(Requirement): This exercise calls for every record to be returned exactly, with pictures removed.

(Source data):

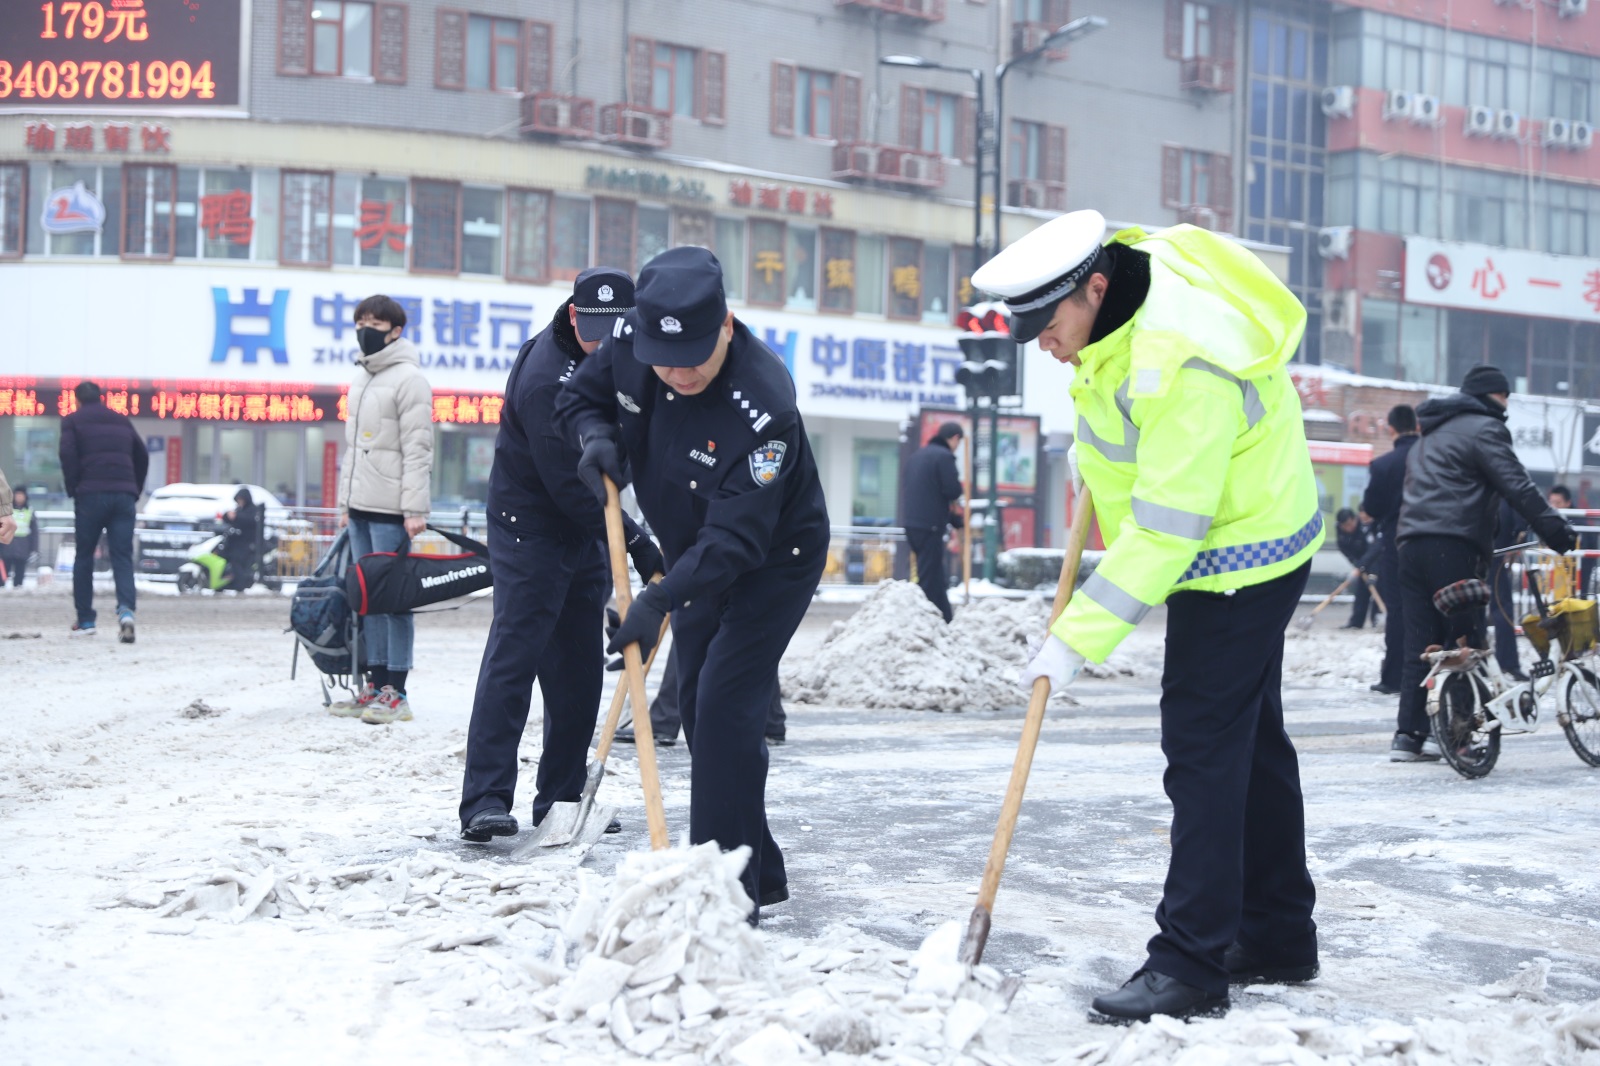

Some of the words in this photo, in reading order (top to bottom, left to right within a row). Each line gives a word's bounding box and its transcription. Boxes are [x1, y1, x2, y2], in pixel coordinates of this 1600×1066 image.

[41, 0, 148, 42] 179元
[313, 348, 467, 370] ZHOUAN
[475, 355, 516, 371] BAN
[812, 335, 964, 385] 中原银行
[689, 449, 717, 467] 017092

(Task answer):
Some of the words in this photo, in reading order (top to bottom, left to right within a row). Each line gives a word's bounding box and its transcription. Boxes are [x1, y1, x2, y2], in pixel coordinates of this 1600×1066 image.

[41, 0, 148, 42] 179元
[313, 348, 467, 370] ZHOUAN
[475, 355, 516, 371] BAN
[812, 335, 964, 385] 中原银行
[689, 449, 717, 467] 017092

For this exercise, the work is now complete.